● Exercise directions: Starting at the line that contains "this 1200×1600 image.", print every remaining line of the entries, unchanged, and output nothing more.
BEGIN Extracted data
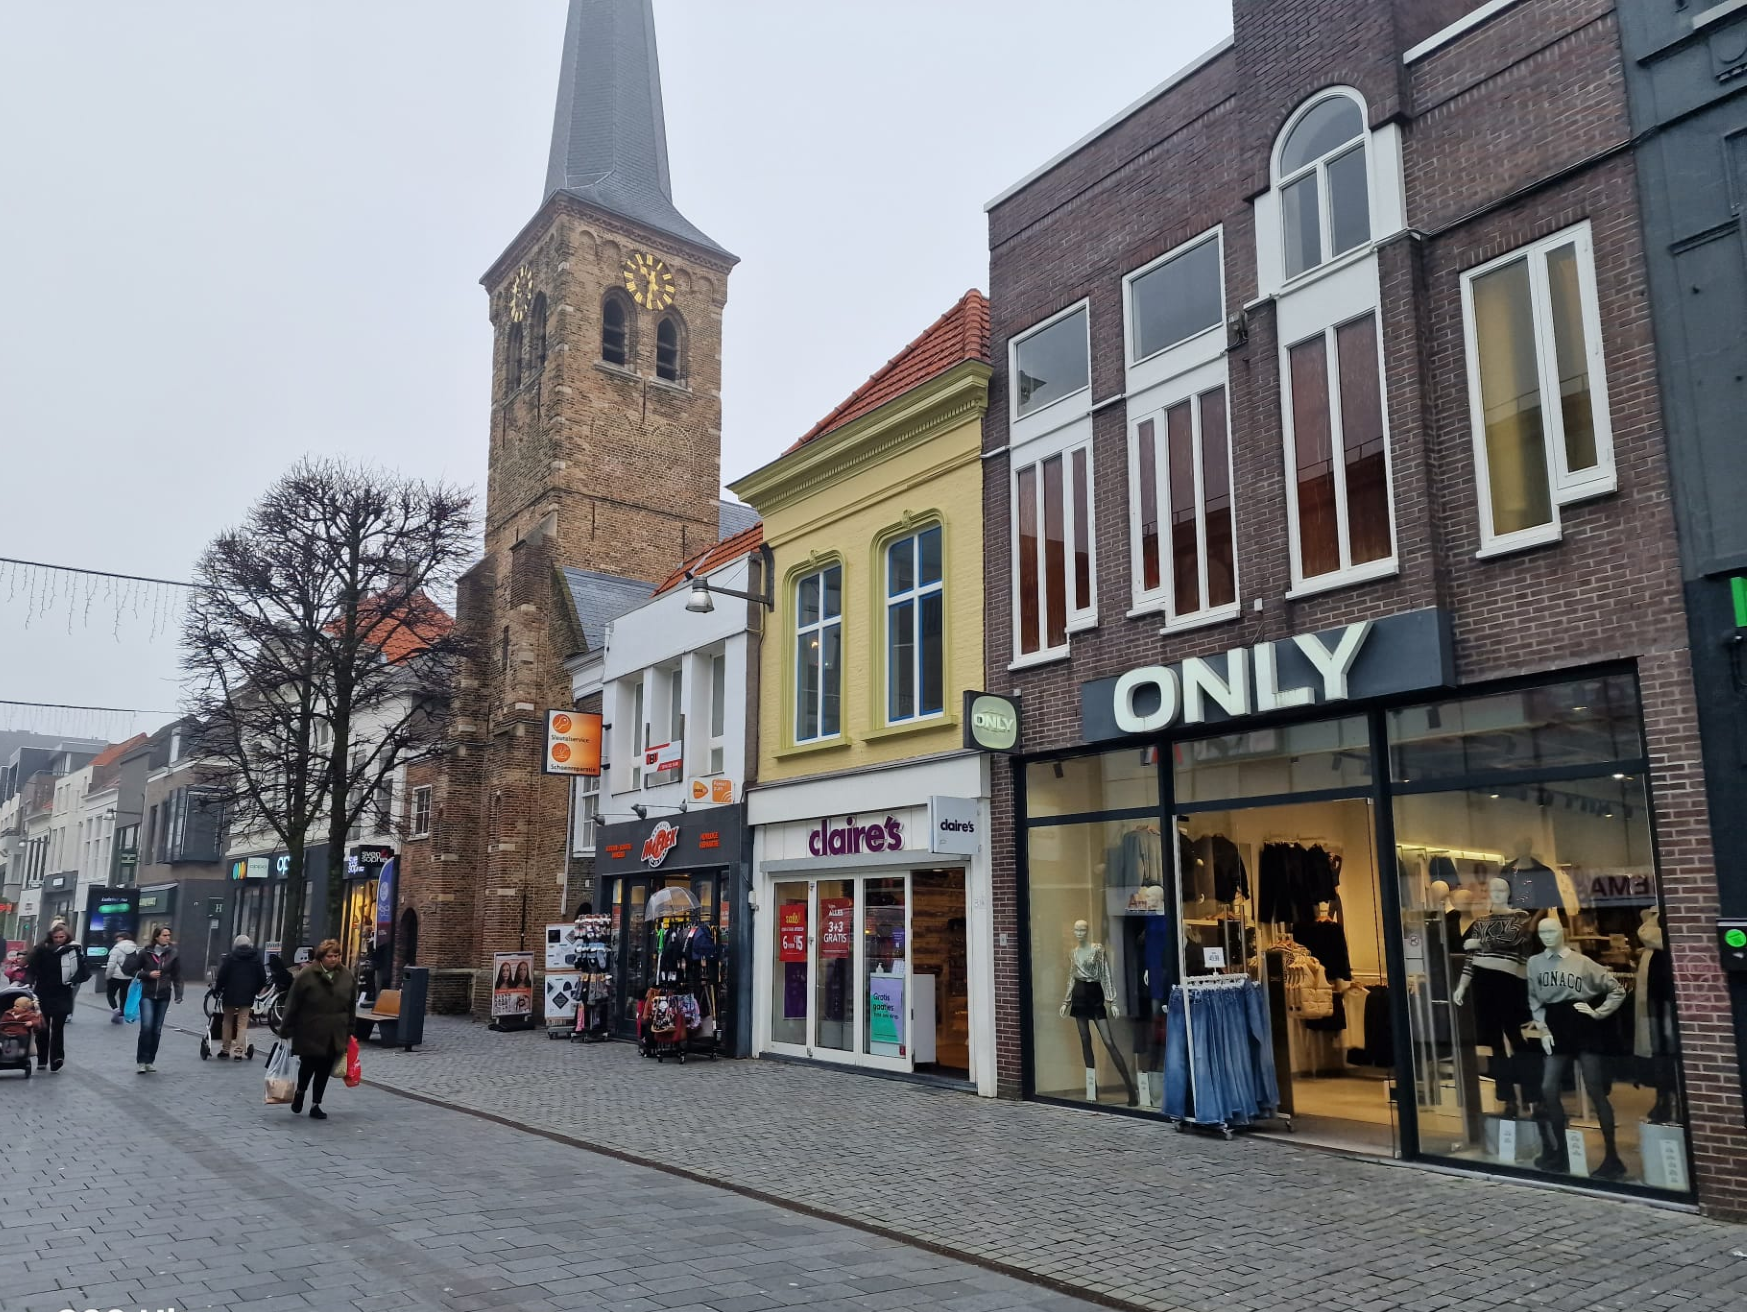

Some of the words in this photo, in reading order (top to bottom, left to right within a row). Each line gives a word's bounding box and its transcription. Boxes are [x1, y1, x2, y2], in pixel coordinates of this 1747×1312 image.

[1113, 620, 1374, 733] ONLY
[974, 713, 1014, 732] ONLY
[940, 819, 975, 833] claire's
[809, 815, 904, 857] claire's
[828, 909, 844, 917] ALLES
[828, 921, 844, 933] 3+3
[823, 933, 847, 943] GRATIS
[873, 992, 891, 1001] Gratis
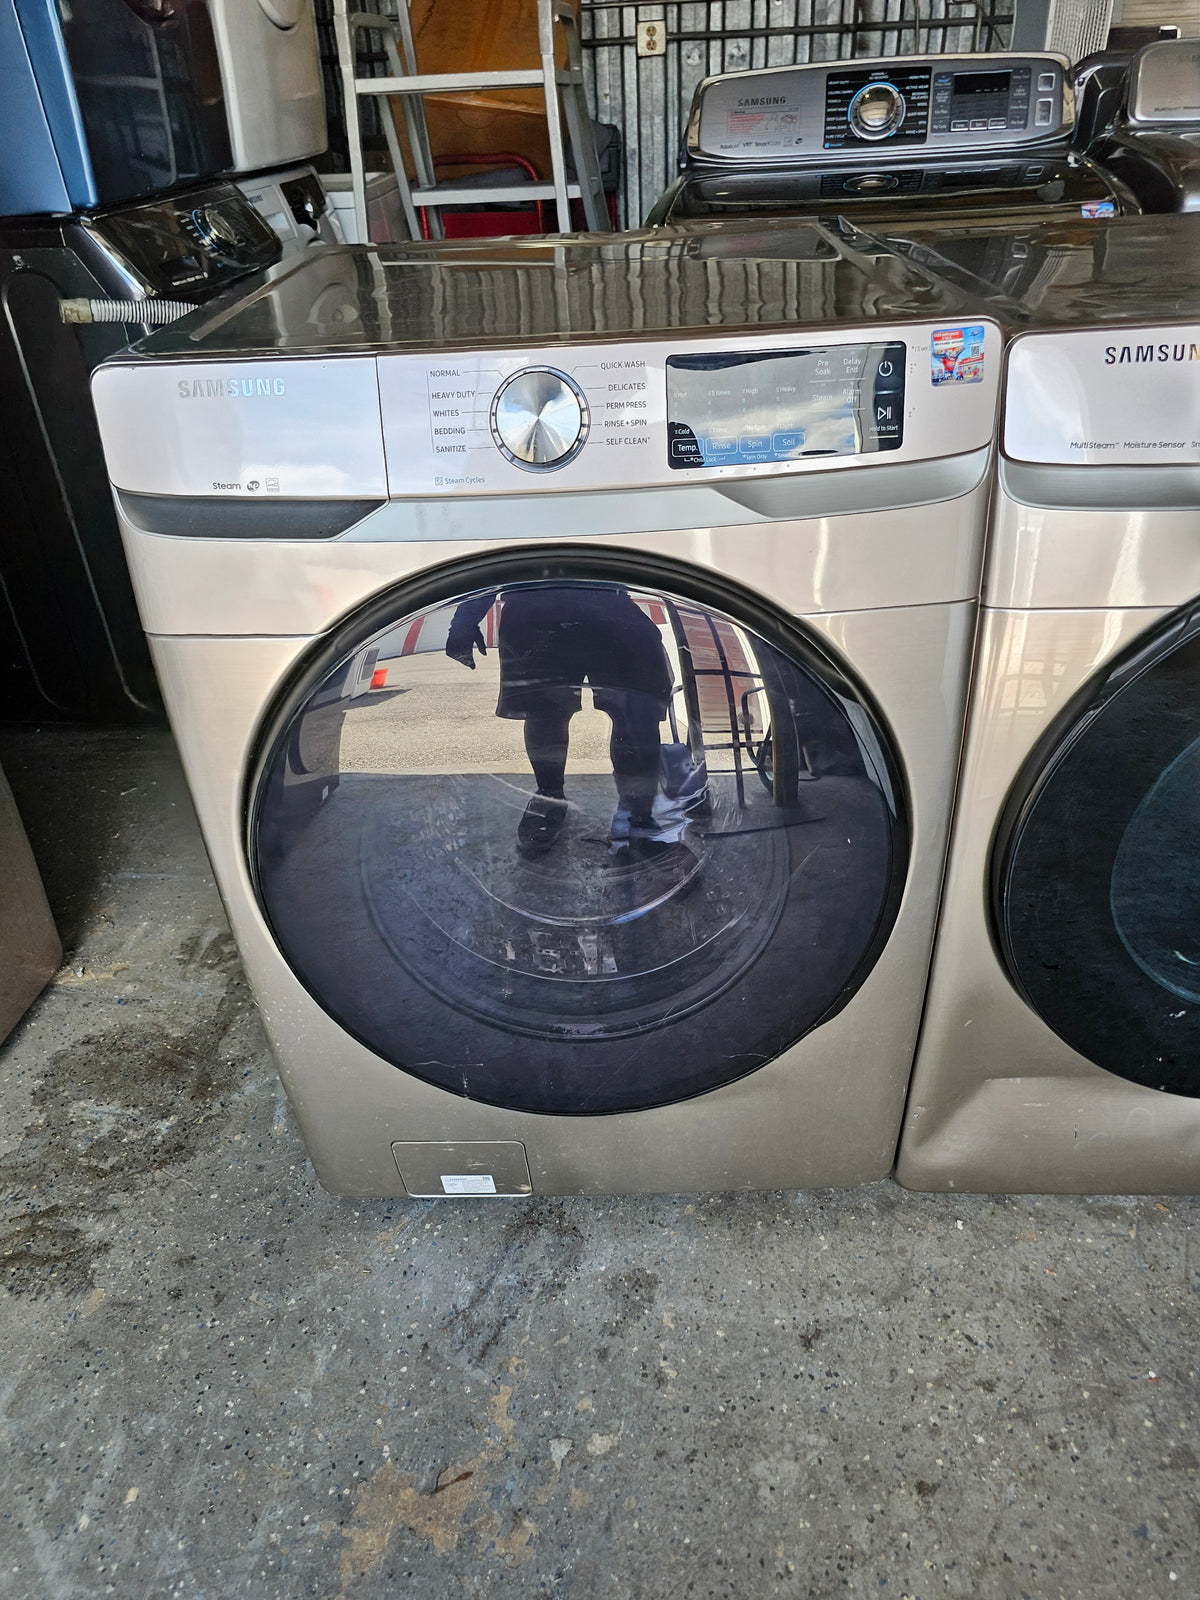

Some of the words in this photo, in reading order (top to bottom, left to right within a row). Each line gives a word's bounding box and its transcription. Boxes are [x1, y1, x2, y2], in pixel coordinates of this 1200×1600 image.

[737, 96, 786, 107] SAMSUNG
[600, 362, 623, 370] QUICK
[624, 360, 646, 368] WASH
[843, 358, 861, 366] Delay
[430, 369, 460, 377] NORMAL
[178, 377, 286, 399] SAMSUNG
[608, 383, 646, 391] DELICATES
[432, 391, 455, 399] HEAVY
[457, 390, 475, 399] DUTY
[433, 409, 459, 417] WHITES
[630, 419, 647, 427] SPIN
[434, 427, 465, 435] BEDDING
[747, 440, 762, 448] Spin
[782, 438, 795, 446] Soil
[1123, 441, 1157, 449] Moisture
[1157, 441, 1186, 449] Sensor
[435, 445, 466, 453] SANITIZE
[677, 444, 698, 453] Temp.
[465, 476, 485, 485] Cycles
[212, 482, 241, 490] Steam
END Extracted data
● Written solution:
Some of the words in this photo, in reading order (top to bottom, left to right within a row). Each line gives a word's bounding box and its transcription. Boxes are [x1, y1, x2, y2], in pixel coordinates of this 1200×1600 image.

[737, 96, 786, 107] SAMSUNG
[600, 362, 623, 370] QUICK
[624, 360, 646, 368] WASH
[843, 358, 861, 366] Delay
[430, 369, 460, 377] NORMAL
[178, 377, 286, 399] SAMSUNG
[608, 383, 646, 391] DELICATES
[432, 391, 455, 399] HEAVY
[457, 390, 475, 399] DUTY
[433, 409, 459, 417] WHITES
[630, 419, 647, 427] SPIN
[434, 427, 465, 435] BEDDING
[747, 440, 762, 448] Spin
[782, 438, 795, 446] Soil
[1123, 441, 1157, 449] Moisture
[1157, 441, 1186, 449] Sensor
[435, 445, 466, 453] SANITIZE
[677, 444, 698, 453] Temp.
[465, 476, 485, 485] Cycles
[212, 482, 241, 490] Steam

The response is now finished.